Rilla of Ingleside (Viking Canada, 2010)

This edition of Rilla of Ingleside restores the complete text from the original 1921 edition, makes three handwritten corrections found in L.M. Montgomery’s personal copy of the novel, and supplements Montgomery’s text with an introduction, maps of Europe, and a detailed glossary, to help place Montgomery’s text within its historical, cultural, and biographical contexts. This edition was edited by Benjamin Lefebvre, who had previously edited Montgomery’s rediscovered final book, The Blythes Are Quoted, and Andrea McKenzie, an expert on personal narratives of the First World War. It was published as a jacketed hardcover by Viking Canada in October 2010, with a paperback edition by Penguin Canada appearing in November 2011.

From the Back Cover

“In my latest story, ‘Rilla of Ingleside,’ I have tried, as far as in me lies, to depict the fine and splendid way in which the girls of Canada reacted to the Great War—their bravery, patience and self-sacrifice. The book is theirs in a sense in which none of my other books have been: for my other books were written for anyone who might like to read them: but ‘Rilla’ was written for the girls of the great young land I love, whose destiny it will be their duty and privilege to shape and share.”
—L.M. Montgomery, from “How I Became a Writer,” 1921

From the Dust Jacket

First published in 1921, Rilla of Ingleside—originally written as the final sequel to Anne of Green Gables—is one of the only contemporary depictions in Canadian fiction of women on the home front during the First World War. Focusing on Rilla Blythe, the pretty and high-spirited youngest daughter of Anne Shirley, the novel paints a vivid and compelling picture of the women who battled to keep the home fires burning throughout those tumultuous years. Using her own wartime experience and imagination, Montgomery recreates the laughter and grief, poignancy and suspense, struggles and courage of Canadian women at war.

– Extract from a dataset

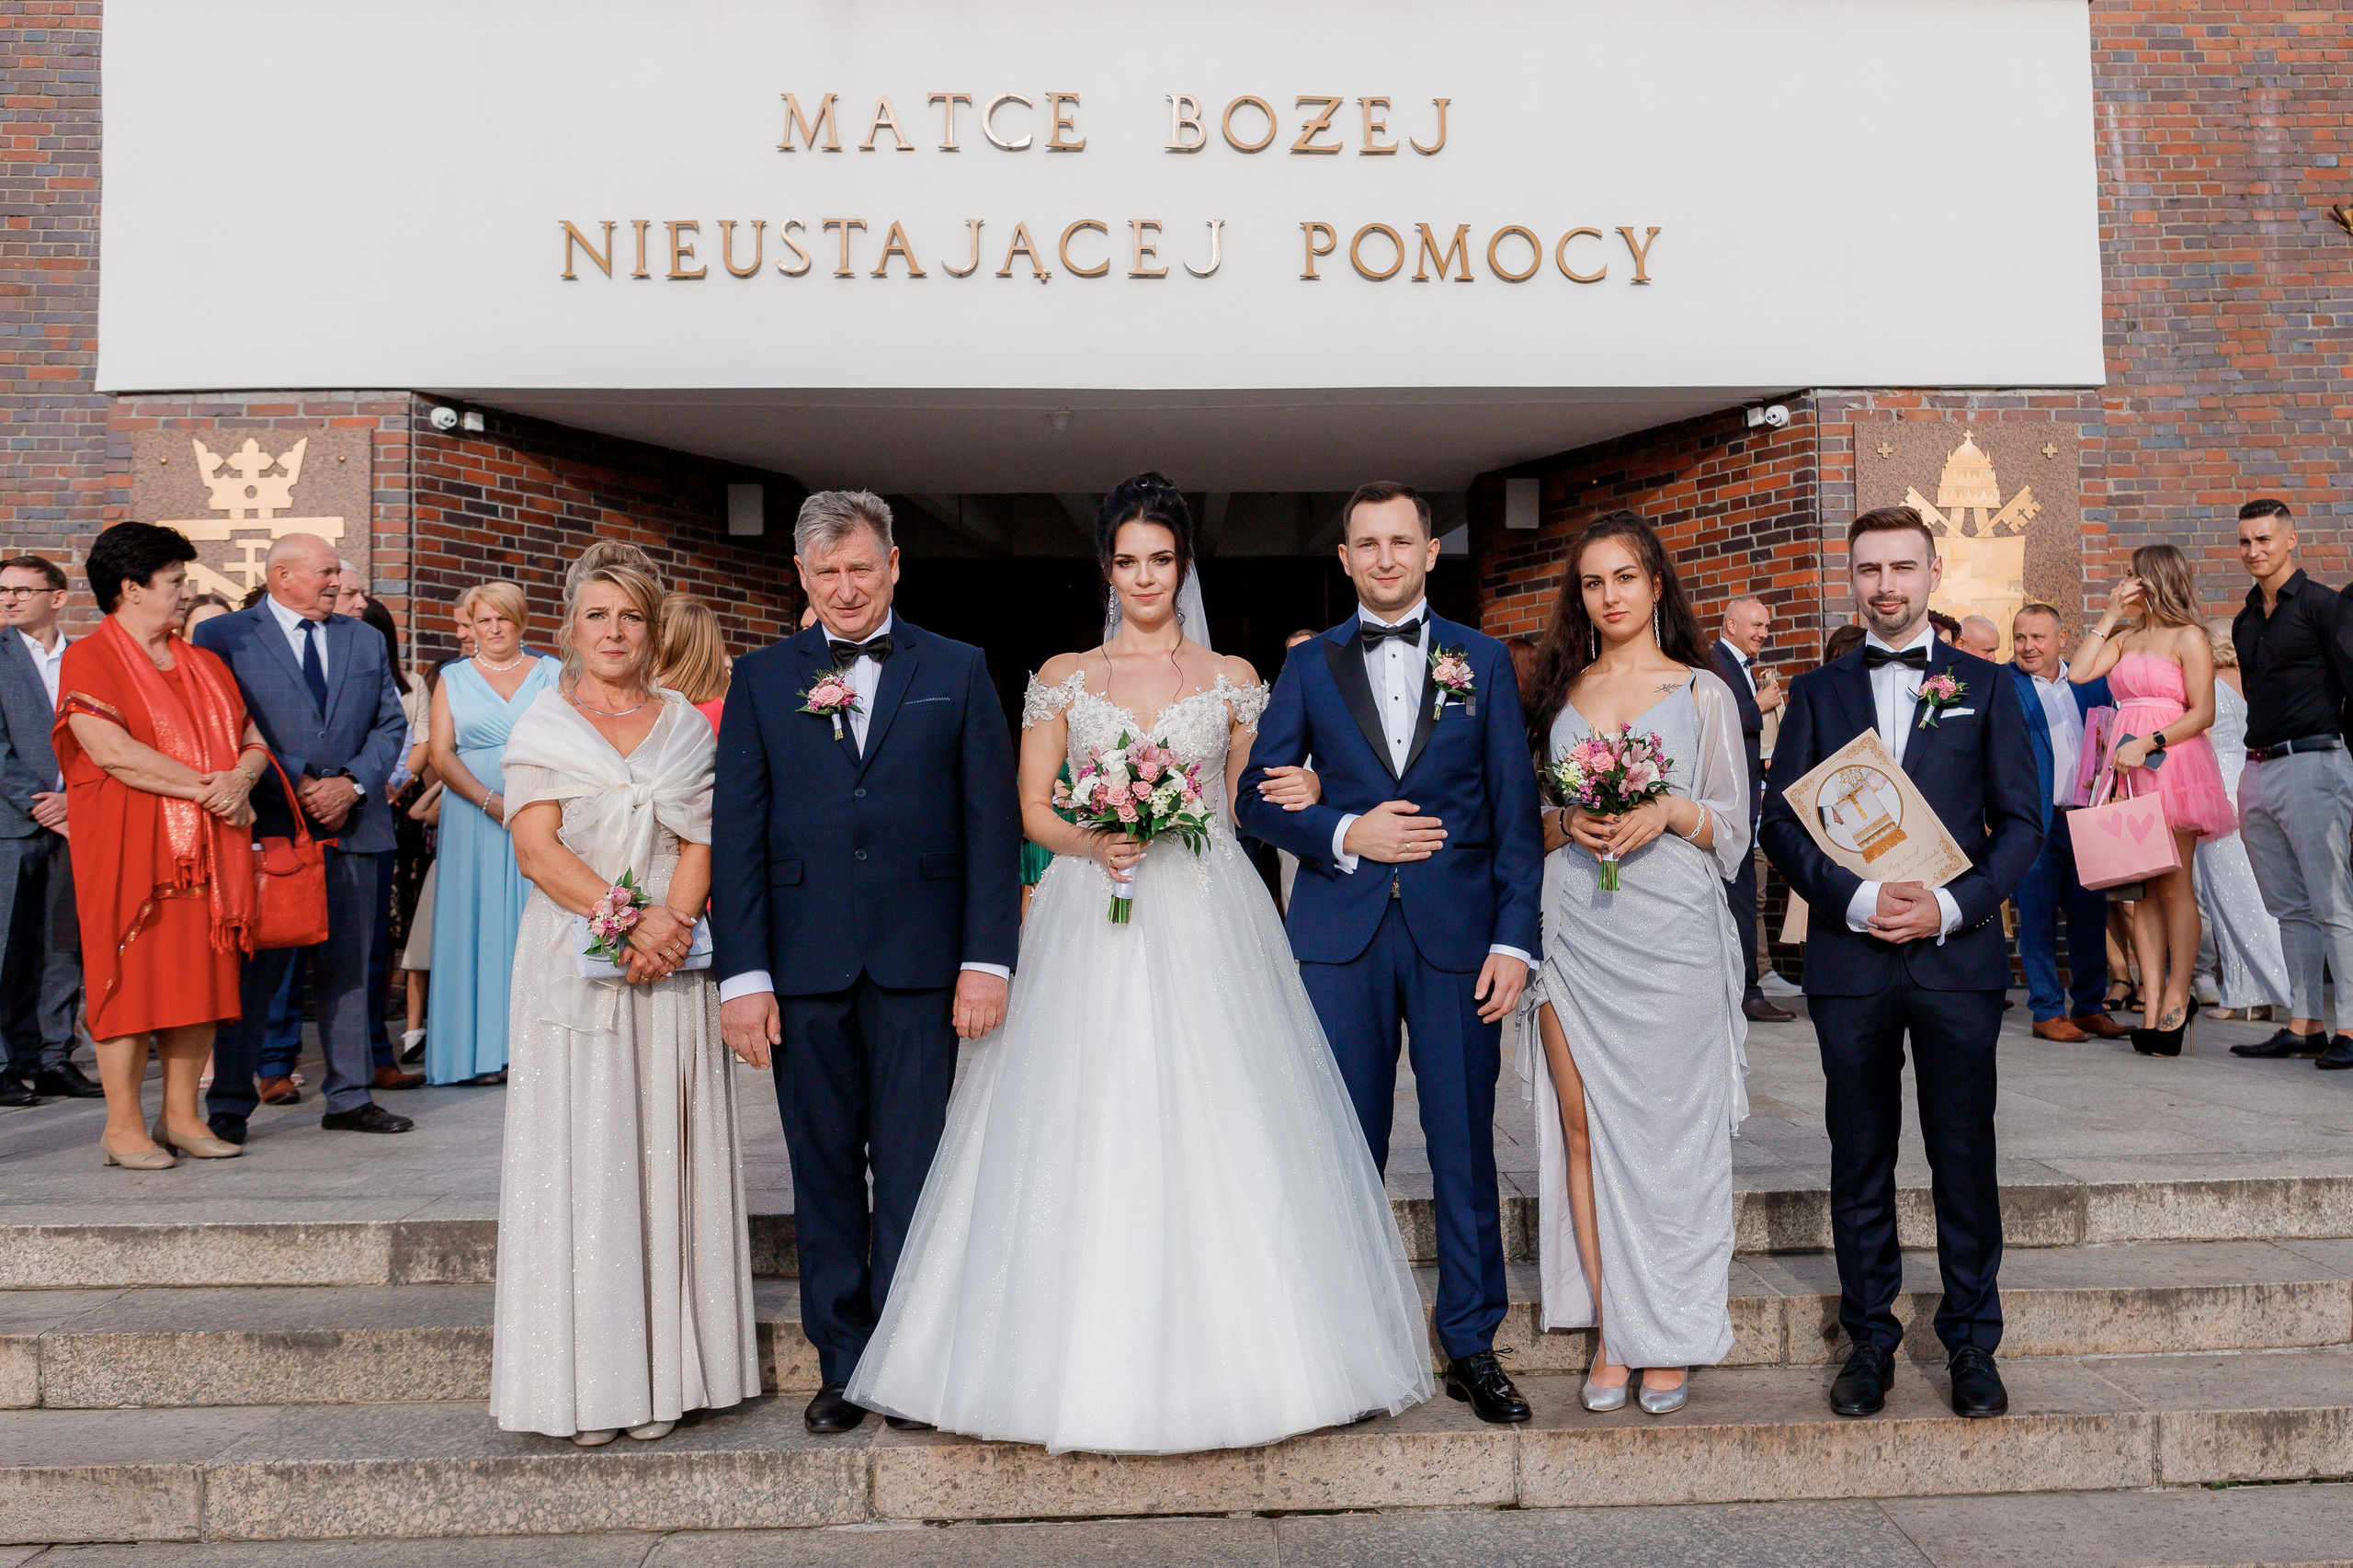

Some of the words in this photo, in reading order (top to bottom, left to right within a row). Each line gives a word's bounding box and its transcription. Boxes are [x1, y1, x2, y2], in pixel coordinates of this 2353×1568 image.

[776, 91, 1088, 154] MATCE
[557, 218, 1227, 286] NIEUSTAJĄCEJ
[1298, 222, 1663, 286] POMOCY
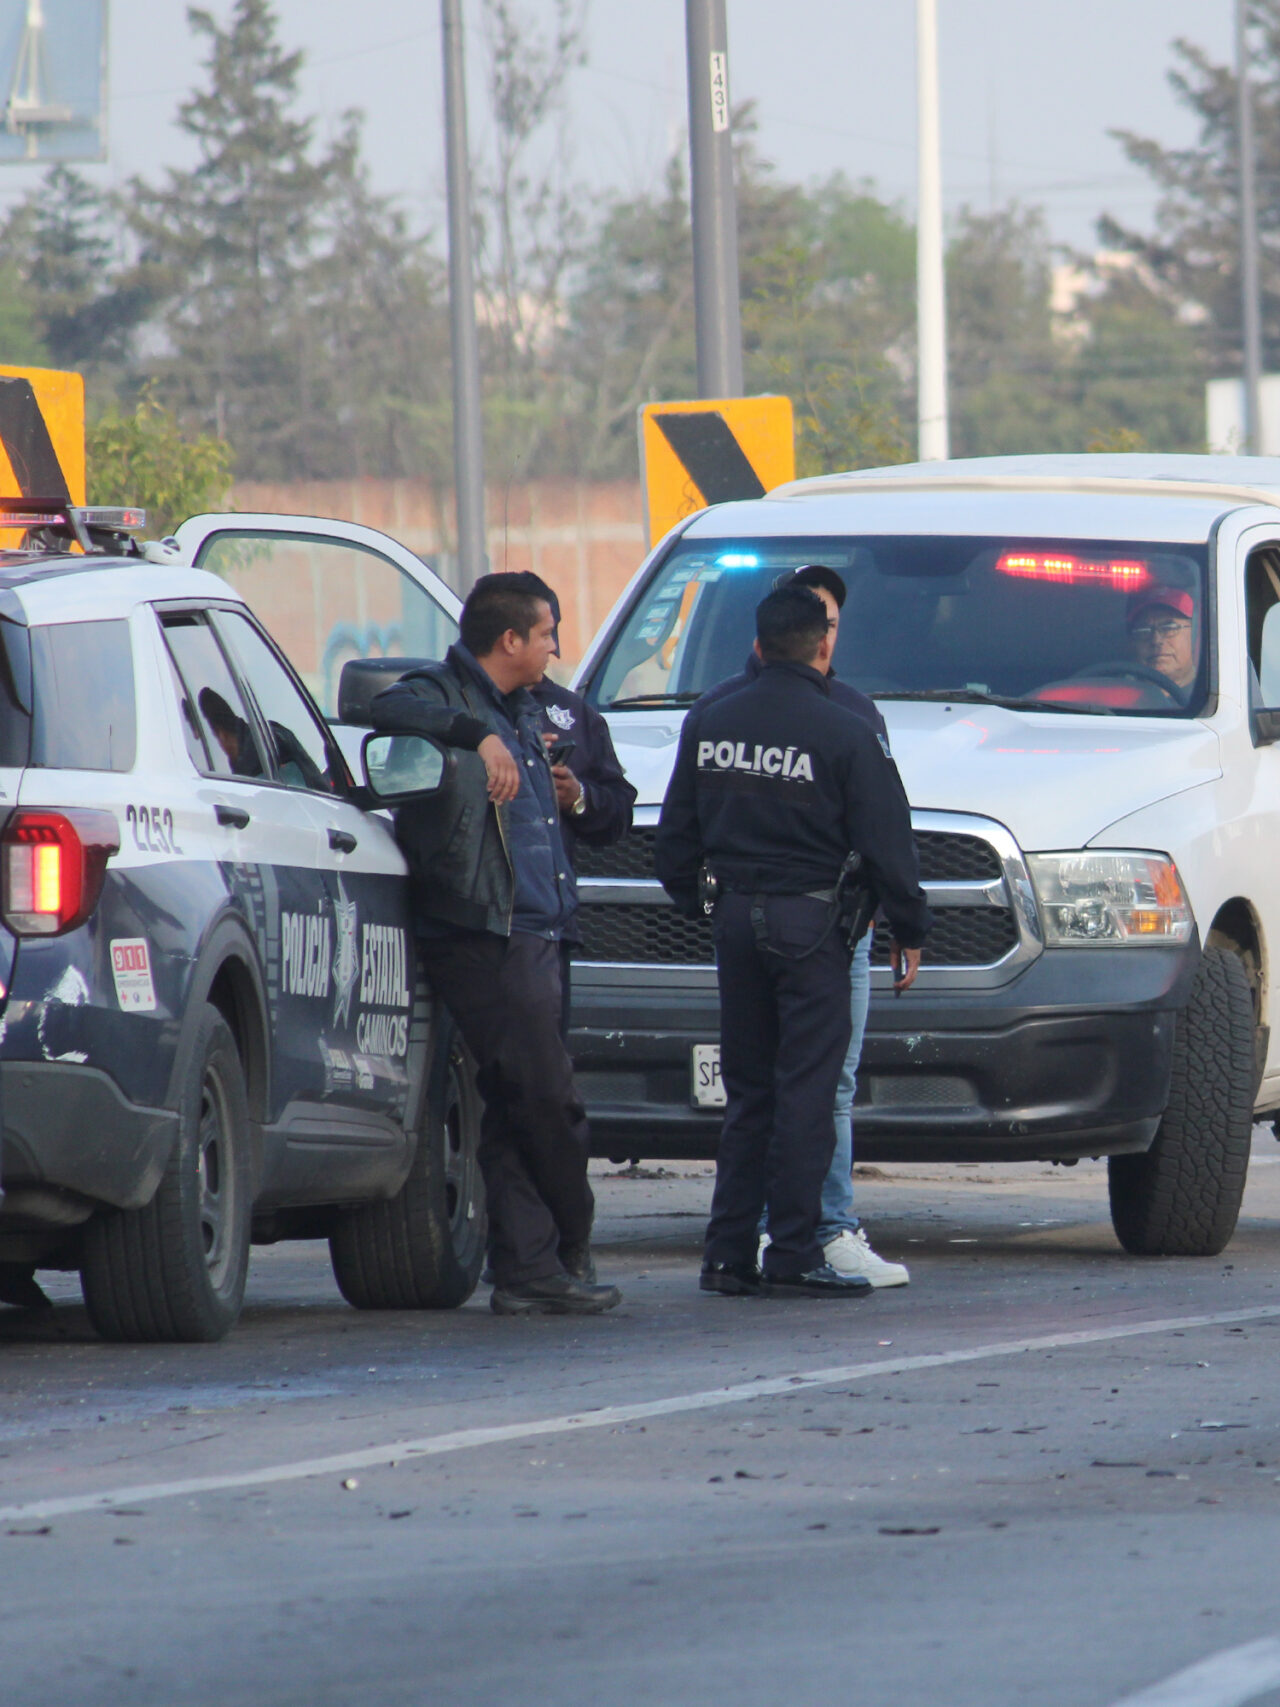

This special gift edition includes Montgomery’s complete, restored, and unabridged original text as well as a thoughtful introduction from the editors, a detailed glossary, maps of Europe during the war, and war poems by L.M. Montgomery and her contemporary Virna Sheard.

Contents

Introduction by Benjamin Lefebvre and Andrea McKenzie (ix–xix)

A Note on the Text (xx)

The Origins of the First World War (xxi–xxv)

Chapter I: Glen “Notes” and Other Matters (3–15)

Chapter II: Dew of Morning (16–22)

Chapter III: Moonlit Mirth (23–36)

Chapter IV: The Piper Pipes (37–50)

Chapter V: “The Sound of a Going” (51–66)

Chapter VI: Susan, Rilla, and Dog Monday Make a Resolution (67–75)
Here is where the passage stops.